Low-level functions or e.g. in-line assembly can potentially break even with these x86 consoles, an example being AVX code, anything relying on internal busses exclusive to consoles, any non-CPU code (these consoles have a ton of potential for GPGPU programming as well as onboard DSPs and various other coprocessors, the code for which could not be directly copy-pasted to PC).
So I would think it's entirely possible that ISA compatibility only concerns a minority of porting time.
One example of something susceptible to suboptimal porting would be code which is directly compatible (e.g. AMD64 integer) but also specifically, perhaps hand-optimised for Jaguar, taking architectural idiosyncrasies into account. In theory code like this should still run on other desktop CPUs, but performance may be suboptimal.

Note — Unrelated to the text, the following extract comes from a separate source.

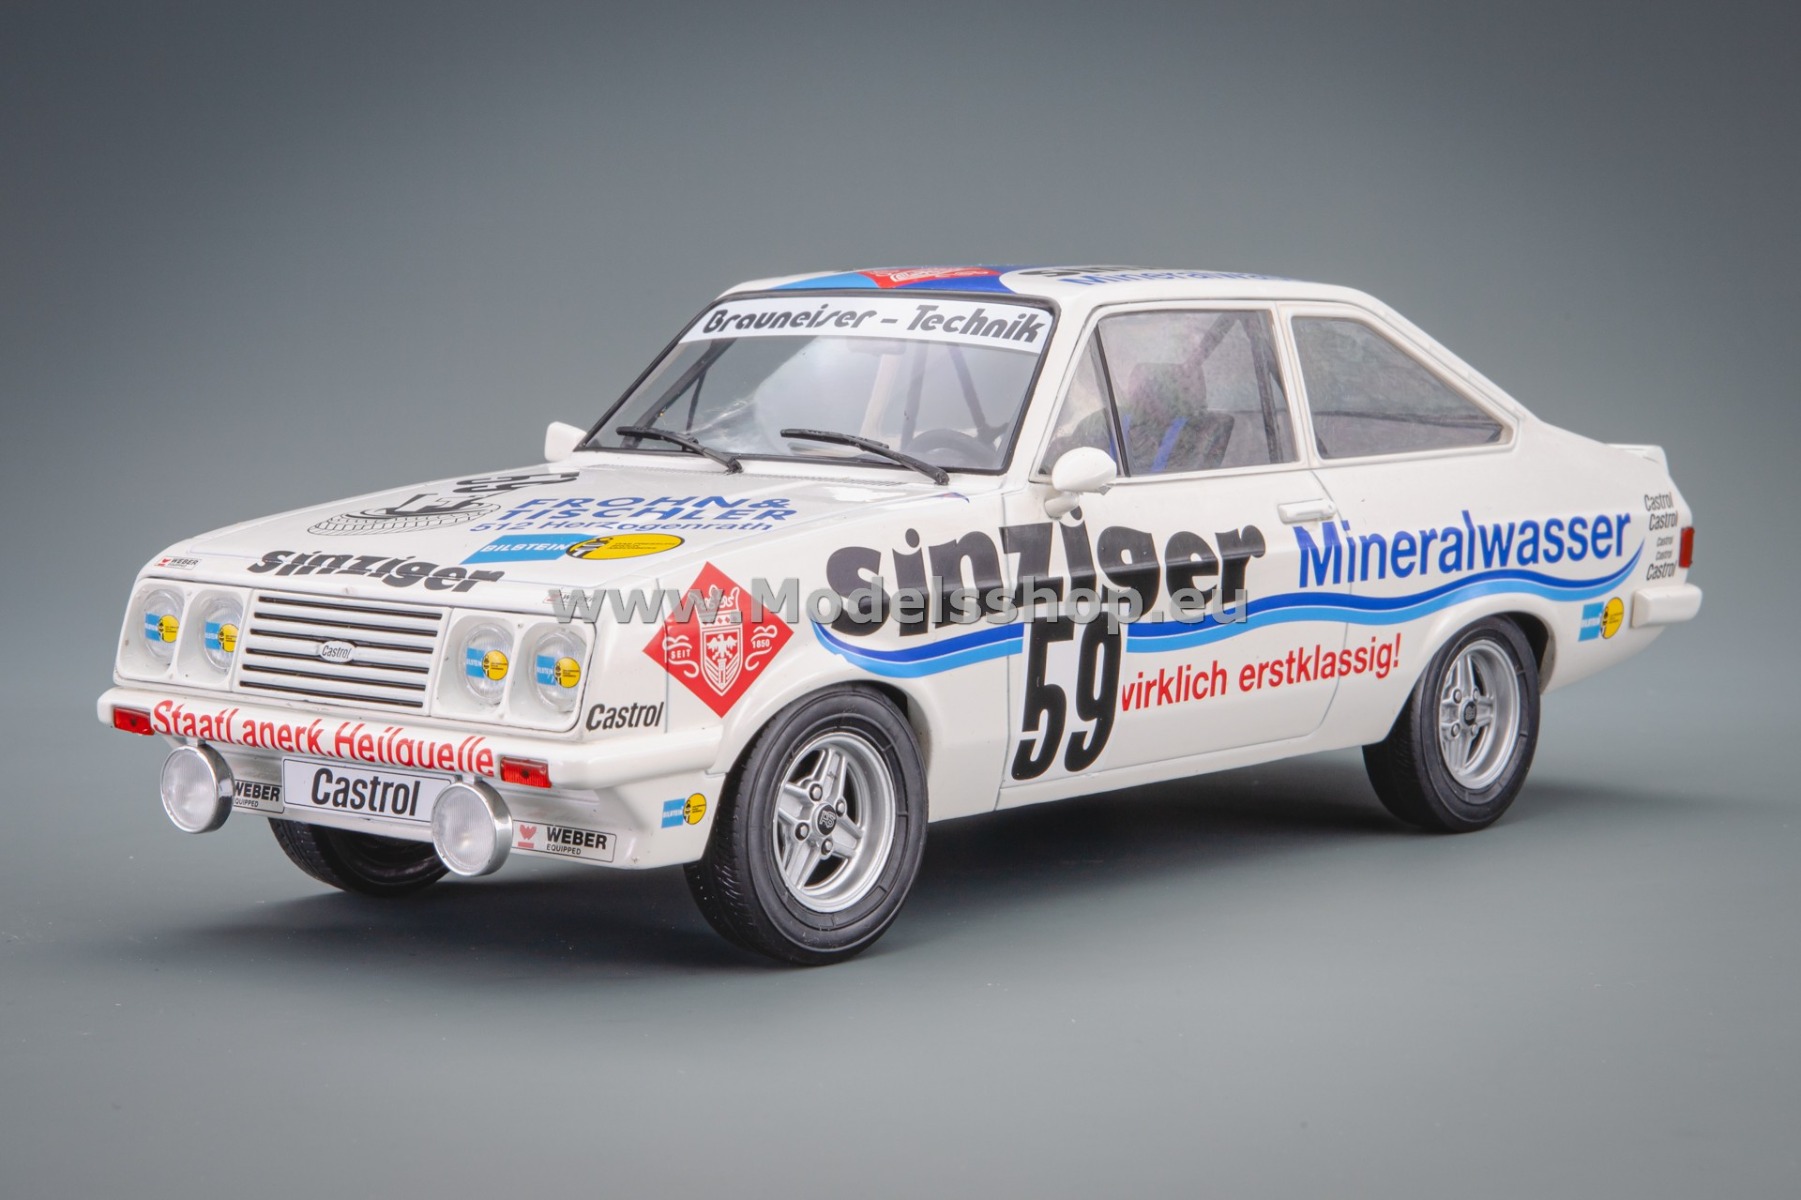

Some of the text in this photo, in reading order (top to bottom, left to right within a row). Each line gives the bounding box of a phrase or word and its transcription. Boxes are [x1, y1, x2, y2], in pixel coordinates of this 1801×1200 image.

However, I'm nonetheless uneasy with the theory that x86 consoles=faster porting=worse ports. There are just too many variables to assume that. Even assuming the faster functioning ports part is true, why does that directly lead to worse ports? If devs aren't interested in making a decent PC port and thoroughly testing it, why would having to spend less time on code porting exacerbate that?
Just as there's a difference between getting x86-console code functional on PC, to getting it running well on PC, that still applies to the starting point being PPC, ARM, MIPS, etc. After all, it's not like we didn't have terrible ports from the PPC consoles!